In its 2013−17 funding round, Sport England introduced for the first time specific governance principles into its eligibility criteria for core-funded national governing bodies (NGBs) and national partners. These included minimum governance criteria for non-core funded NGBs, bodies seeking to become recognised NGBs, county sports partnerships and other grant recipients. As a result, many of the requirements set out in the Code already formed part of the standards, which the funding bodies expected in return for investment.

Tiered structure

The new Code adopts a tiered structure and tailored approach, imposing more stringent conditions on those organisations where the financial investment is greater or is provided over an extended period of time. It is aimed at implementing good governance practices without placing an onerous administrative burden on smaller organisations, negatively affecting the essential volunteer base of many of them, or deterring bodies from making funding applications. It is recognised that the Code ‘will stretch organisations beyond where they are now’ – that, after all, is the point.

However, if the flexible approach is applied consistently and thoughtfully, and if organisations are offered appropriate guidance and support, the Code could ensure that principles of good governance are inculcated at all levels of UK sport where public money is invested. It will also give bodies across the spectrum, from grassroots to the custodians of the national game, an opportunity to take a closer look at how their organisations function.
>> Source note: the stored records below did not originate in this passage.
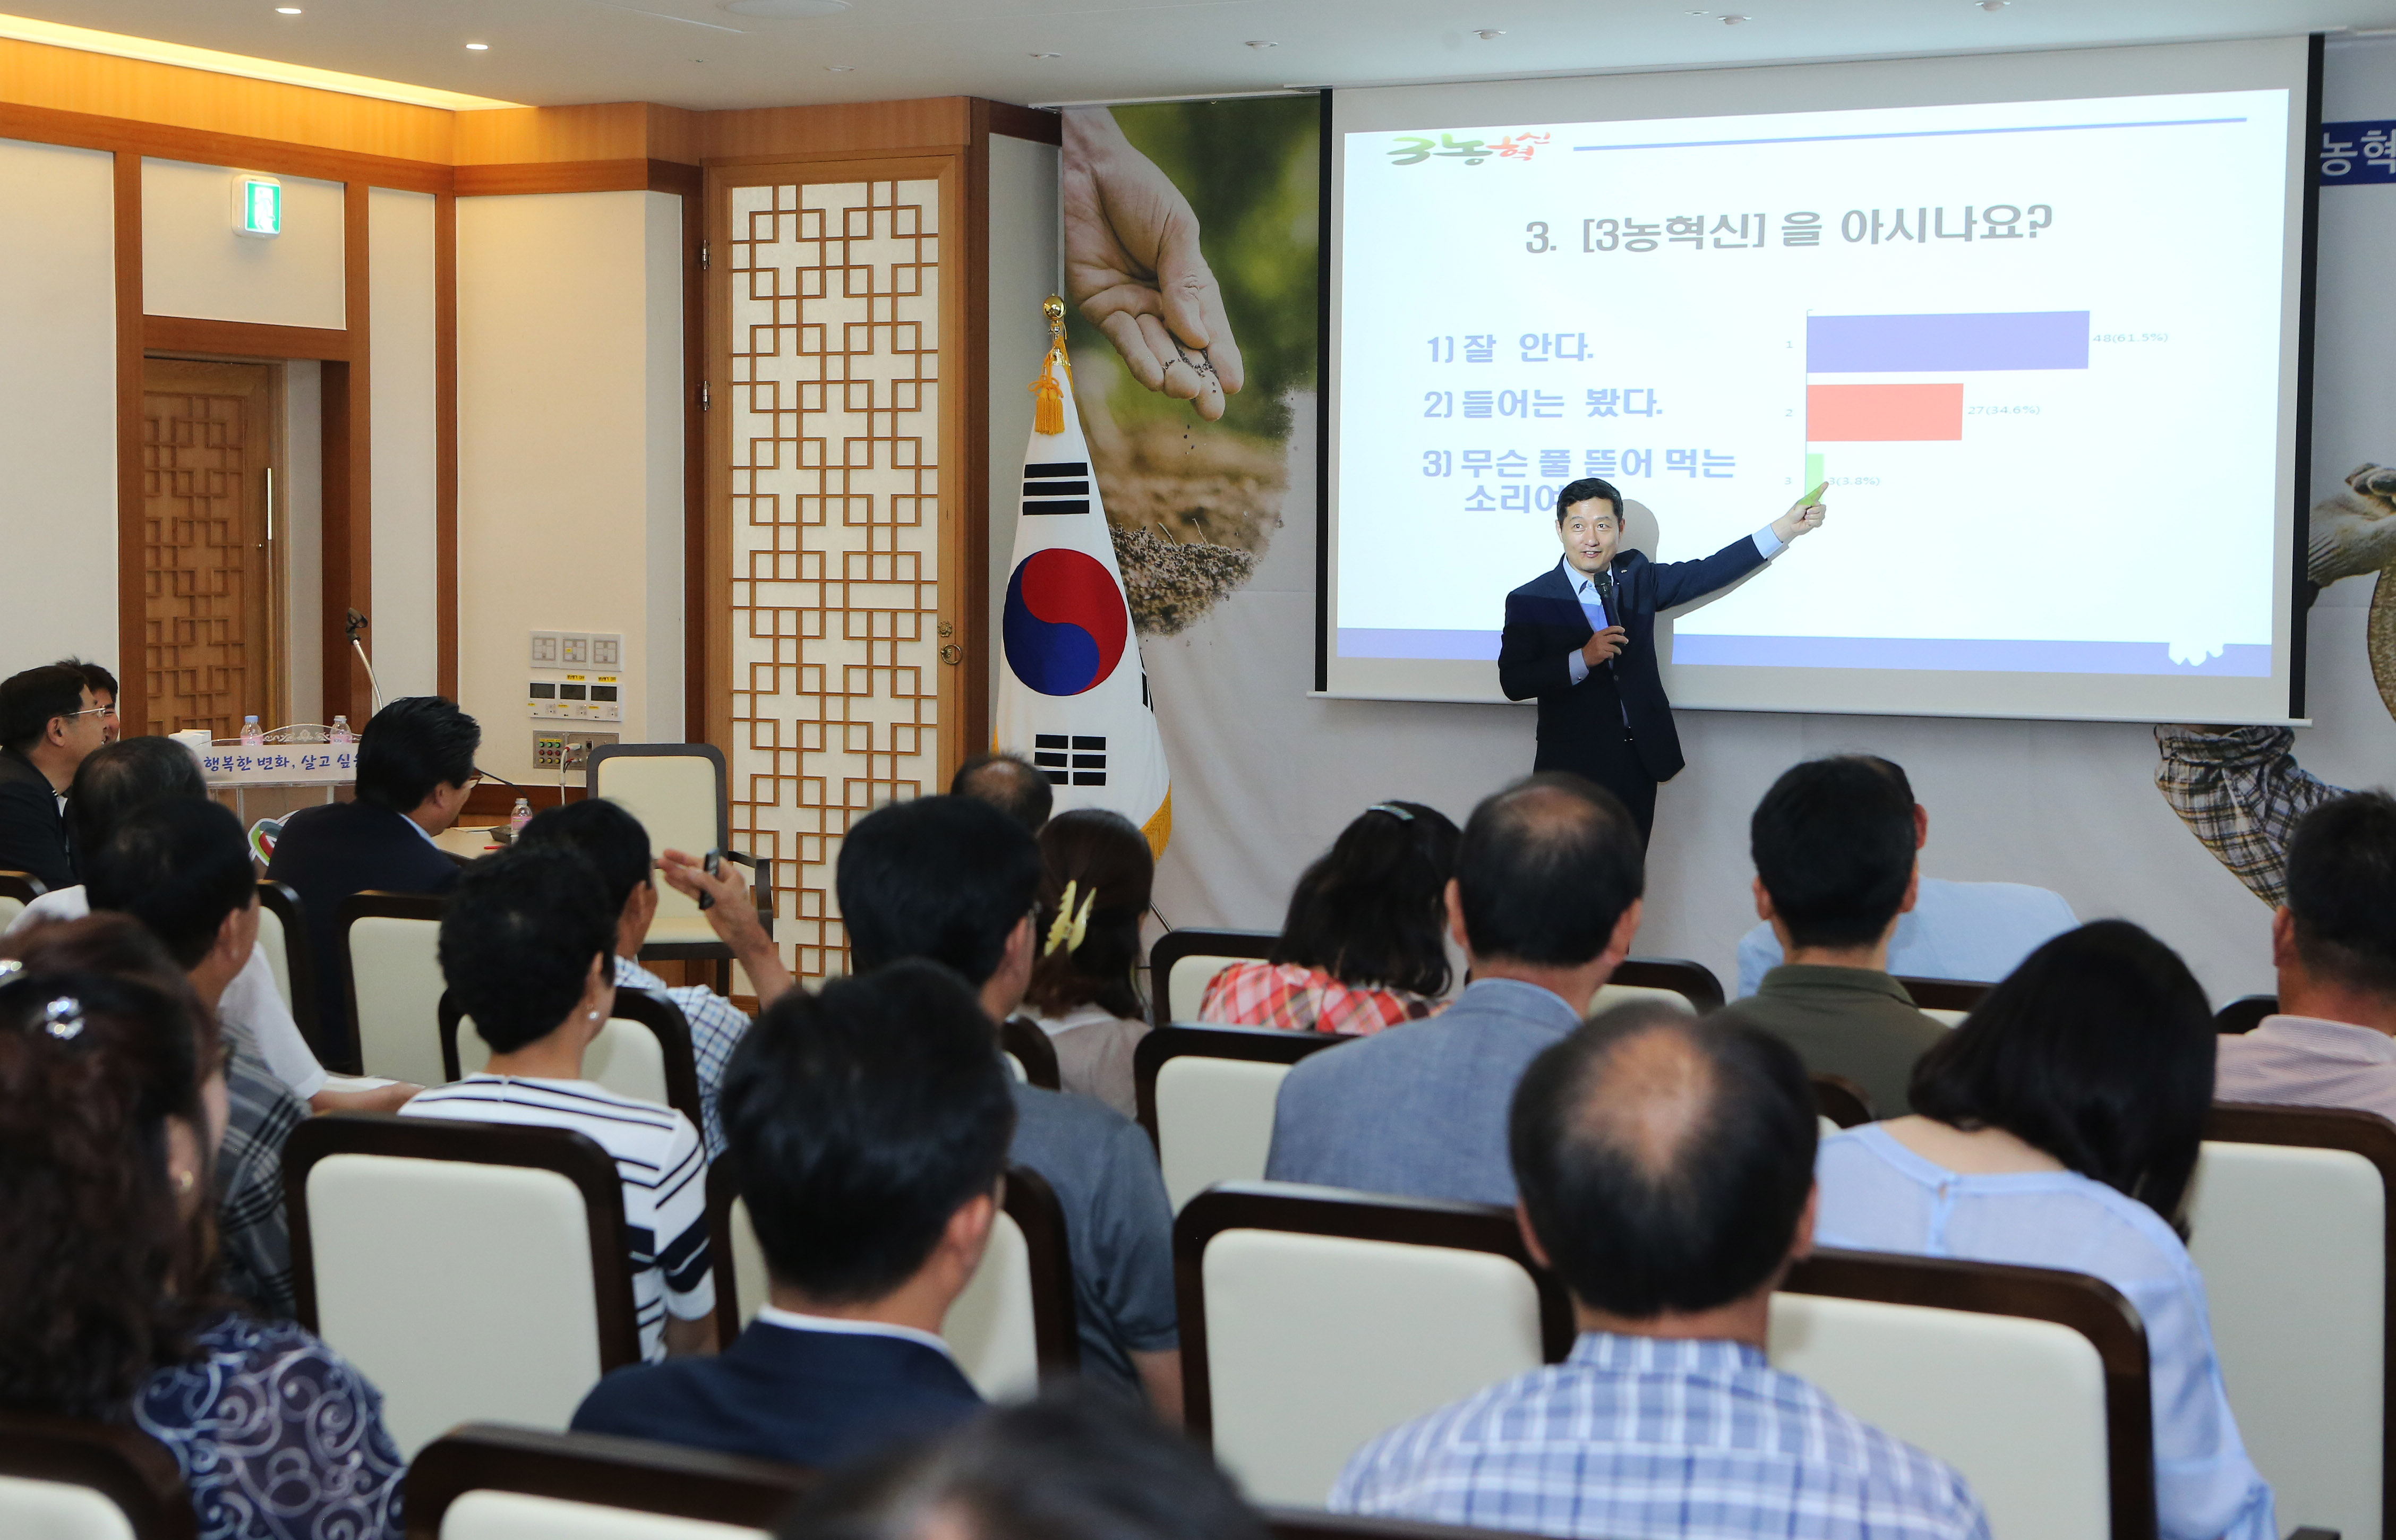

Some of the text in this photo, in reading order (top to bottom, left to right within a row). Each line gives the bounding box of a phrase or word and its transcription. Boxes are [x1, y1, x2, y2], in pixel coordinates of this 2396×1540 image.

[1526, 203, 2052, 254] 3. [3농혁신] 을 아시나요?
[1786, 340, 1793, 349] 1
[2092, 333, 2169, 344] 48(61.5%)
[1463, 334, 1497, 363] 잘
[1519, 332, 1594, 362] 안다.
[1462, 389, 1565, 418] 들어는
[1585, 388, 1663, 418] 봤다.
[1785, 408, 1793, 417] 2
[1967, 406, 2041, 416] 27(34.6%)
[1461, 449, 1528, 478] 무슨
[1539, 449, 1571, 477] 풀
[1584, 449, 1652, 478] 뜯어
[1665, 448, 1736, 478] 먹는
[1784, 477, 1792, 485] 3
[203, 756, 252, 772] 행복한
[257, 755, 296, 770] 변화,
[301, 754, 330, 770] 살고
The Code is constructed around five principles: structure, people, communication, standards and conduct, and policies and processes. These aim to establish clear governance structures with a board which holds collective responsibility for the organisation and is exclusively vested with the power to lead it (for organisations falling under the lower tier, the Code’s terminology recognises that a committee may perform this role).

The principles also aim to encourage responsible recruitment of those with the appropriate skills, experience and independence; a commitment to diversity, transparency and accountability; and responsible financial planning and risk management.

Funding applications will fall into one of three tiers which will determine what is expected of organisations in return for an award.

Tier 1

This is aimed at investments granted on a one-off basis at a value of less than £250,000. It represents the minimum level of mandatory requirements to be met by all organisations seeking funding. The requirements cover:

  • An organisation’s constitution and purpose
  • Regular meeting of the governing committee and recording of decision making
  • Conflicts of interest
  • Skills and diversity within the governing committee
  • Regular election of committee members, ideally serving maximum terms of nine years
  • Preparation and scrutiny of annual accounts.

They are accompanied by non-compulsory guidance as to how organisations may meet them, but allowance is made for the circumstances and resources of each body.

Tier 2

The second tier covers investments between £250,000 and £1 million, significant but one-off investments, or the start of new strategic relationships. It is, by necessity, the least clear of the three tiers in terms of what is expected of organisations. It requires all of the Tier 1 stipulations, along with some drawn from the more prescriptive Tier 3. Which of these are to be required, and the timeline for meeting them, will be tailored according to the investment and the circumstances of the organisation.

Tier 3

Tier 3 concerns funding granted over a number of years or an investment totalling over £1 million. It will place greater governance demands on organisations and will seek a formal commitment to meet them within a set timeframe. The document lays out numerous criteria which organisations might be required to satisfy, with a particular focus on the structure, composition and duties, and conduct of the board.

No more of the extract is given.